It was only five degrees Fahrenheit outside, so I let Laura drive me and Sally back home. By this time Gretchen had returned from the City bearing a very large certified check. The several-hundred-thousand-dollar check had originally been no more substantial than a personal check, and getting it certified had proved to be an enormous bother. But now we could take it into town and deposit it into one of our accounts and then draw from it immediately, which would allow us to pay off all sorts of debts, particularly the mortgage on our existing home, as well as our various maxed-out credit cards. Indeed, the check-writing frenzy mentioned earlier was largely aimed at paying off my accumulated credit card debt.

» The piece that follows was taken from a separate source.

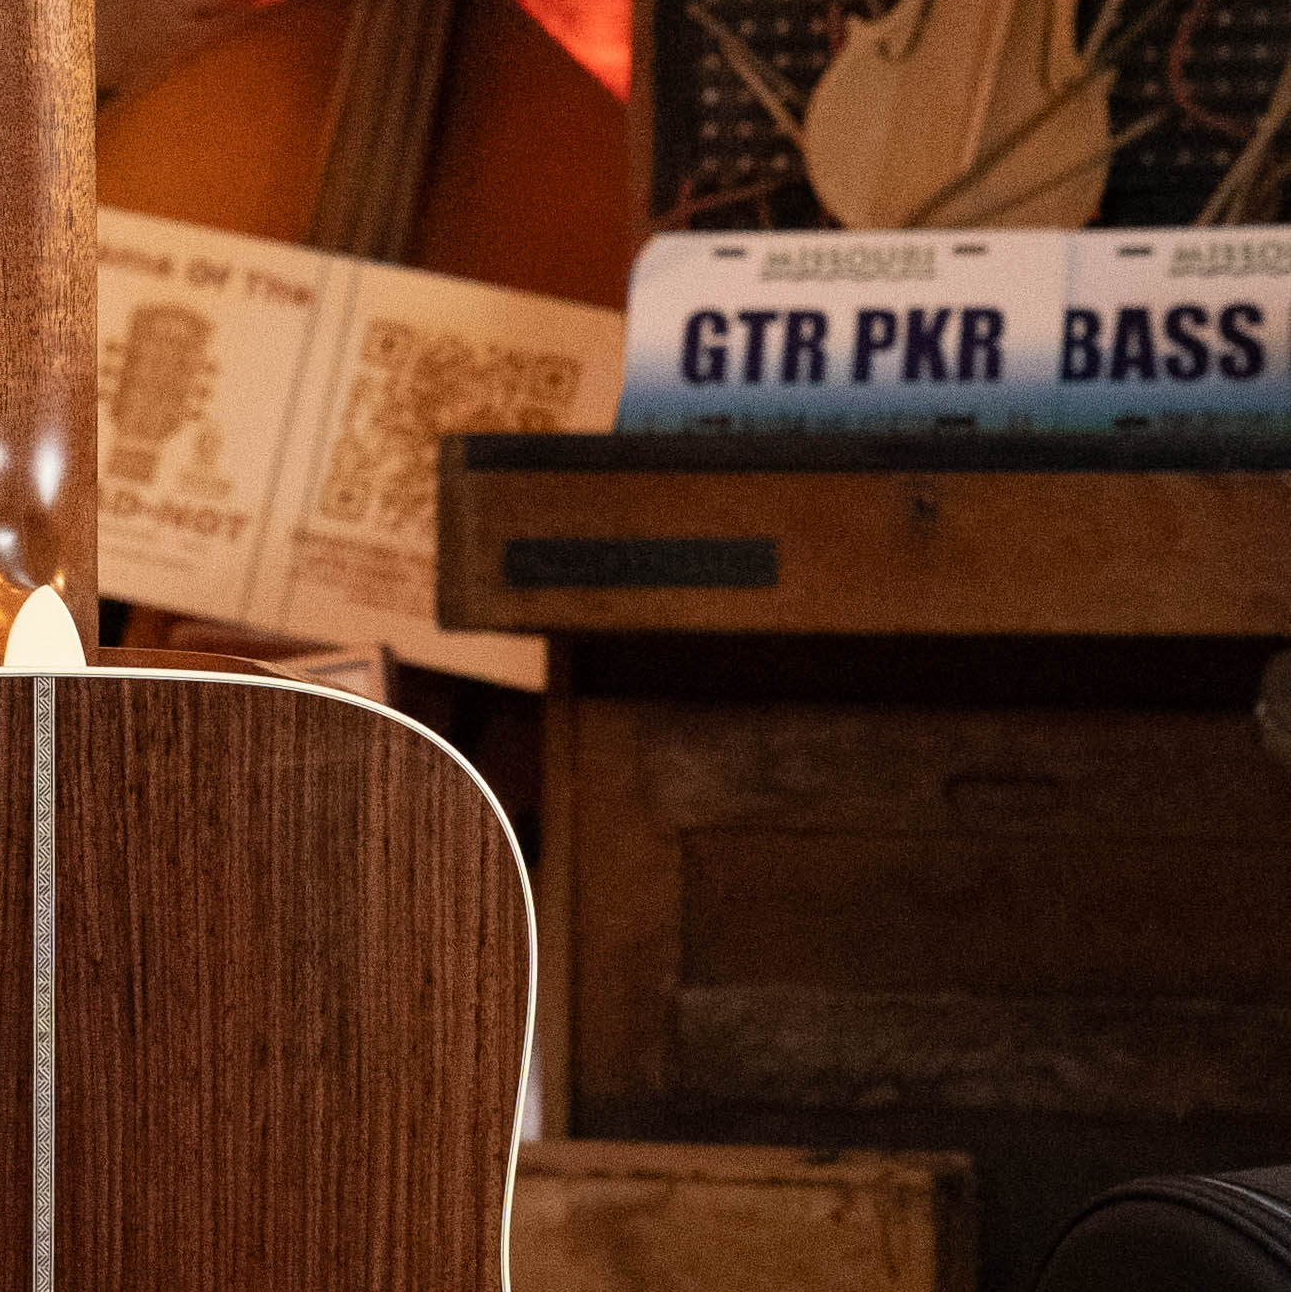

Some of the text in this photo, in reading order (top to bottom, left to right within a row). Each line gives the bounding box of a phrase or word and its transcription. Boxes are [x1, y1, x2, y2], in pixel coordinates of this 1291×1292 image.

[1170, 242, 1291, 277] MISSO
[680, 307, 1005, 385] GTR PKR
[1060, 303, 1265, 384] BASS

We drove into Kingston and took care of the bank business at the main office of Hudson Valley Credit Union. For a few minutes there, before the crucial wiring of money to pay off the Hurley House mortgage, Gretchen actually had several times more in her checking account than is covered by Federal Deposit Insurance. Had our luck been terrible and the bank chosen that time to go insolvent, we would have been out a couple hundred thousand dollars.
The former owners of our house had left us a bottle of champagne, and we'd been delaying its opening in anticipation of the tasks just completed. When we got home, we popped it open and drank the entire thing. This made us so sleepy that we napped until after dark.
In the evening Gretchen ceremonially burned all the paperwork related to her brownstone and then we took our celebration to the Hurley Mountain Inn. There we indulged in fancy drinks and genuine entrees (as opposed to our usual meal of cheese pizza, french fries, and - for me - beer). As part of our celebration, we decided to buy drinks for everyone then sitting at the bar (which amounted to five or six white guys). Unexpectedly, this propelled us immediately to the status of hero, and in return this one guy named John sitting at the bar insisted on buying us drinks. He also got to talking to Gretchen and seemed interested when she told him about my home computer repair business. So I went out to the car to get some flyers so he'd have my contact info.
I found myself at the bar, talking to the guy named John. He seemed like a nice enough fellow, but I stopped enjoying myself once George W. Bush's State of the Union speech came on, displacing the usual sports noise of the Hurley Mountain Inn. John, it turned out, was something of a right winger. I don't normally have to deal with such people, but the drink exchange had compelled a relationship, and now he wanted to talk about politics. I would have been perfectly happy to argue with him, but unfortunately I felt the need to leave a good impression with him, hoping he'd circulate my contact info and send some business my way.
Our political conversation all started when John made a bitter remark about France and how we'd saved their asses in two World Wars and this is how they repay us. The "this" he was referring to was their failure to support Bush in an imperialist invasion of the sovereign nation of Iraq. John was worked up about it in a way that one seldom hears from an American about European democracy. I didn't disagree with him, choosing to change the subject to how boring the food was when Gretchen and I went to Paris.
John didn't limit himself to a discussion of foreign policy. He was also convinced that Bush's 600 billion dollar tax cut would somehow be good for our economy. It didn't seem to concern him that this money was going to have to be put on the federal plastic. I don't know if this guy was a religious nut - I have a feeling he wasn't because he never once brought up Jesus, and religious nuts always get around to Jesus eventually. But his (and the administration's) desire to spend the future's money without regard for how to pay for it almost demands the looming end of the world. I agree, if the world is about to end, it makes sense to max out the credit cards and pump the last dribs and drabs of oil from the ground. But the world has been "about to end" since the time people first started noticing it existed to begin with.
I did find one point of agreement with John. I agreed that Clinton had no backbone. And in turn John did have to concede that Bush was a beneficiary of affirmative action for the dissolute children of wealthy elites. And then I tried to argue that the good economy during Clinton's time almost certainly had nothing to do with Reagan's reckless economic policy. John was a hard core supply sider. He thought the rich deserved to benefit from taxes since they were the ones who had to pay them.
Meanwhile one of the bartender ladies had melodramatically put a piece of duct tape over her mouth. On the tape she'd used a Sharpie marker to draw a smiley face. This was, she said, her way of dealing with the fact that all her coworkers were Republicans.
Three or four drinks later, Gretchen and I managed to get the fuck out of there. She'd been having a much better time than me, leaving our grateful waitress a 50% tip and chatting with an older guy named Toni who promised to make us pesto for our wedding.
Gretchen burns material related to 951 President Street #1R, Brooklyn.